Quant à la lyrique amoureuse où l’on pourrait s’attendre à voir les femmes mieux admises, elle repose sur une répartition des rôles dans laquelle c’est l’homme qui désire, aime et chante – Béatrice, Laure ou Cassandre. Quelques contre-exemples célèbres ne suffisent pas pour faire admettre un renversement du schéma et suscitent l’embarras des commentateurs. Soit dans une hésitation quant au genre de l’objet aimé (devant Sapho), soit dans une confusion entre féminité génétique et féminité textuelle (devant les trobairitz, Pierre Bec, 1979), soit encore dans la mise en doute d’une véritable auctorialité féminine (devant Louise Labé). Et pourtant, dans ces poèmes d’amour écrits par des femmes, qui ont pu choquer parce qu’ils disaient un désir charnel, mais qui ont touché des lectrices et des lecteurs, des poètes hommes homosexuels ou bisexuels ont puisé des façons de dire (ainsi Verlaine et Aragon réécrivent Desbordes-Valmore). À l’inverse, Marina Tsvetaeva indique comment son amour pour une femme a changé son rapport à « toute la poésie lyrique masculine », où elle n’avait pu jusqu’alors s’introduire – car elle voulait aimer elle-même, et elle était elle-même poète. Mais désormais « tous ces vides du “tu”, du “elle” […] ont soudain pris vie » (Histoire de Sonetchka, 1937).
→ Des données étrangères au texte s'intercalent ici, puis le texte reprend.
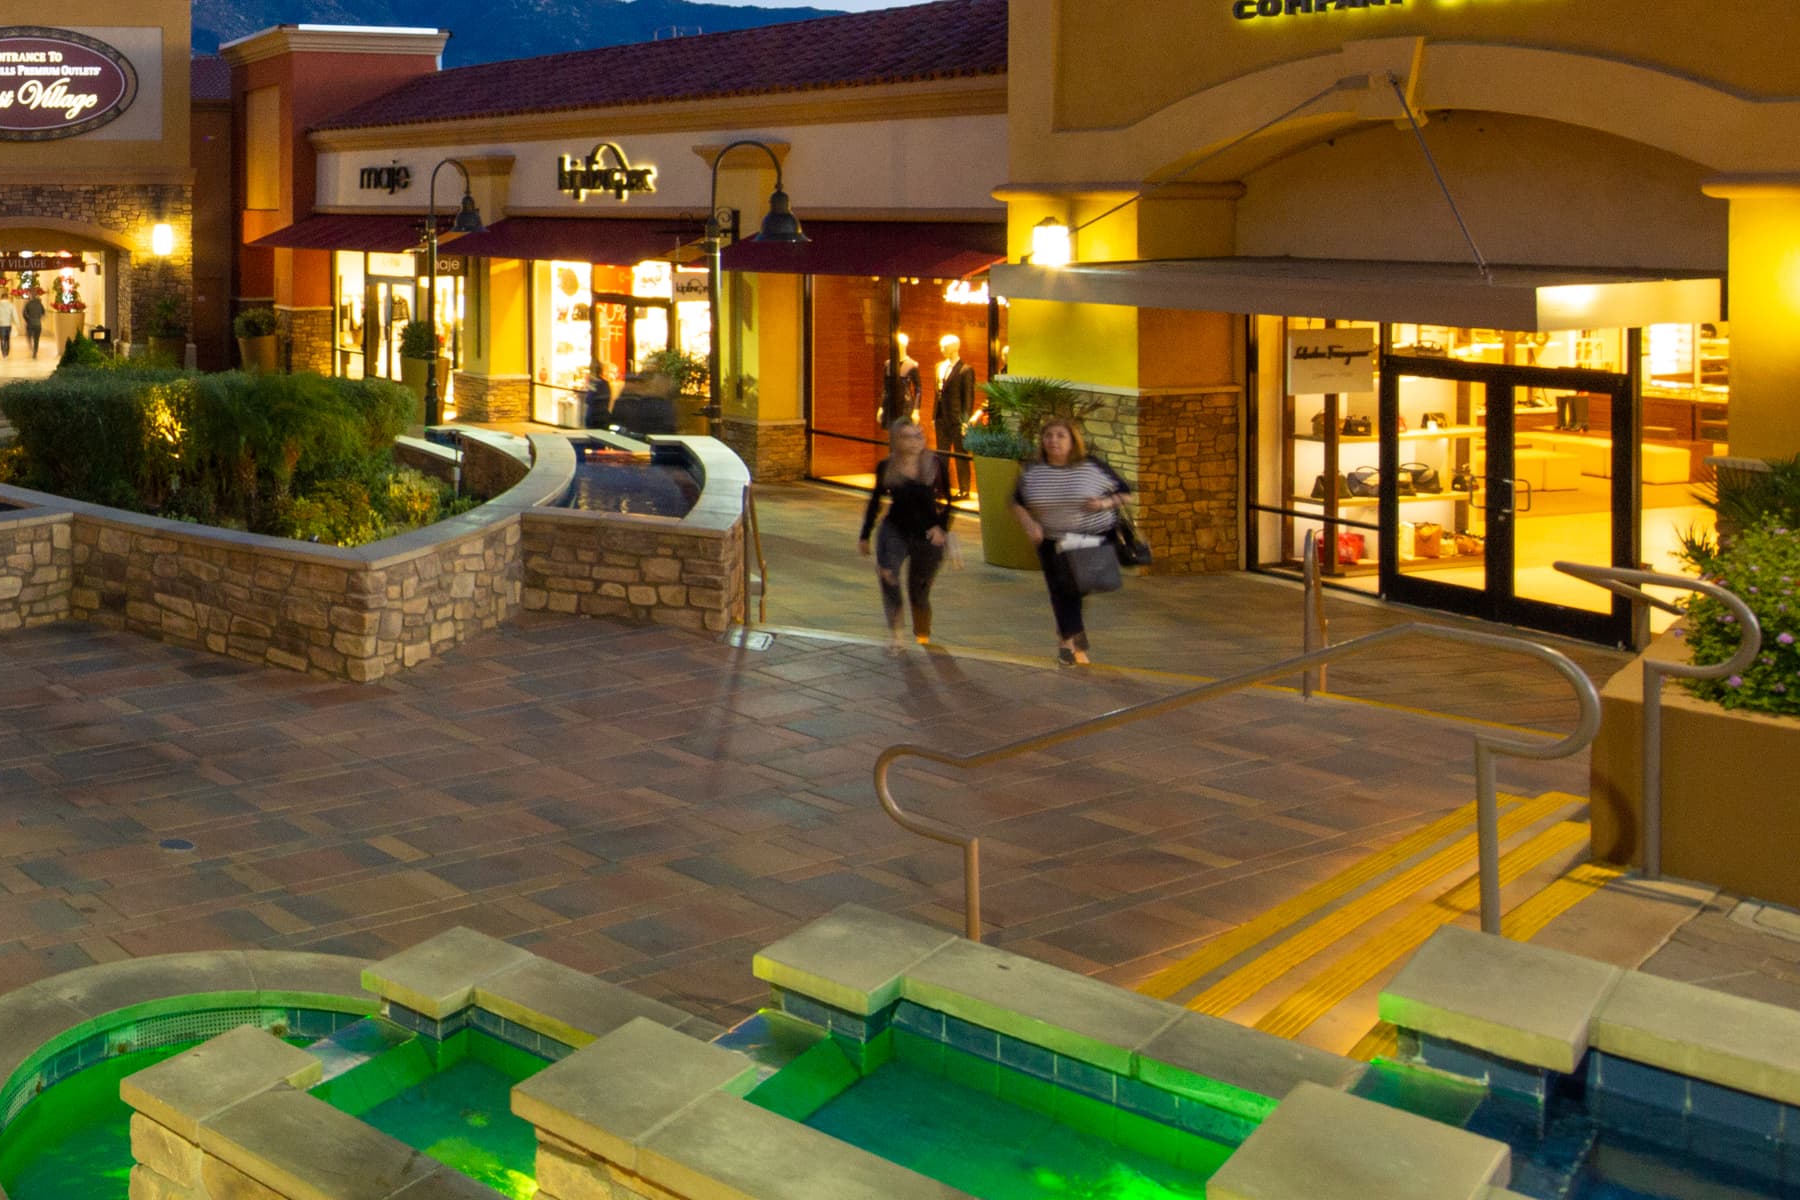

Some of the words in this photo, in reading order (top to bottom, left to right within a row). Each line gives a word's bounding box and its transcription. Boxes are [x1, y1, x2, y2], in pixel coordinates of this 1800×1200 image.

[17, 77, 98, 120] Village
[359, 159, 412, 195] maje
[8, 259, 46, 269] VILLAGE
On sait largement que des femmes ont écrit de la poésie lyrique, et certaines ont été reconnues, voire célèbres de leur 122temps. On assiste au tournant des xixe et xxe siècles en France à une vogue des femmes-poètes, que Maurras baptise le « romantisme féminin » (1903), les plus connues étant Renée Vivien et Anna de Noailles, qu’ont admirée Proust et Rilke. Mais dans le temps long du canon et de la mémoire culturelle, leurs noms – à ceux déjà cités, il faudrait en ajouter bien d’autres : Gaspara Stampa, Elisabeth Barrett-Browning, Emily Dickinson, Anna Akhmatova, Ingeborg Bachmann… – ne viennent pas durablement infléchir l’idée qu’on se fait de la poésie. Et moins encore celle qu’on se fait du Poète. Celui-ci reste, pour le sens commun, un homme (fût-il efféminé). Particulièrement en France où, en 2019, un sujet de baccalauréat qui invitait les candidats à commenter un poème d’Andrée Chédid a suscité l’émoi. Après l’avoir traité comme si l’auteure en était un homme, beaucoup se sont indignés qu’on ait pu proposer à leur attention un poète qui « était une meuf » et qu’ils tenaient pour inconnue.
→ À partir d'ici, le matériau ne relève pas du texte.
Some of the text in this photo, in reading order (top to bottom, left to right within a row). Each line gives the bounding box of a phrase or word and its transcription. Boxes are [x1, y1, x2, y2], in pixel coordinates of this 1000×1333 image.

Une meilleure reconnaissance des poètes-femmes passe par des facteurs sociologiques et institutionnels : leur inscription dans les programmes d’enseignement et d’examens ou de concours ; leur consécration par des prix littéraires ; une ouverture à leurs écrits des revues, des maisons d’édition, de la critique et des médias. Mais elle se heurte au poids de traditions anciennes et à des enjeux symboliques liés aux idéaux de genre, comme à l’idée même de poésie. Des poètes-hommes ont pu, à différentes époques, interroger, moquer ou rejeter l’assignation à identité virile. Baudelaire, Rimbaud, Verlaine, Aragon… selon des modalités différentes. « Nous les poètes, les meilleurs d’entre nous du moins, nous sommes des femmes », affirme Fourcade en 1990. Pour Jacques Dupin, « Le poète – il n’existe pas – / est celui qui change / de sexe comme de chemise » (Grésil, 1996). Mais dans une tradition qui célèbre le féminin comme fondamentalement nécessaire pour que la parole lyrique ait lieu, celui-ci apparaît trop précieux pour qu’on puisse abandonner son énonciation, sa législation – ou sa remise en cause – aux femmes, dont la parole peine encore à s’inscrire dans la tradition lyrique, au-delà d’exceptions flamboyantes, de modes éphémères ou d’espaces séparés. Dans le Brouillon pour un dictionnaire des amantes (Wittig, Zeig, 1976), l’entrée « Sapho » reste vide, en réaction peut-être à ces siècles d’appropriations masculines.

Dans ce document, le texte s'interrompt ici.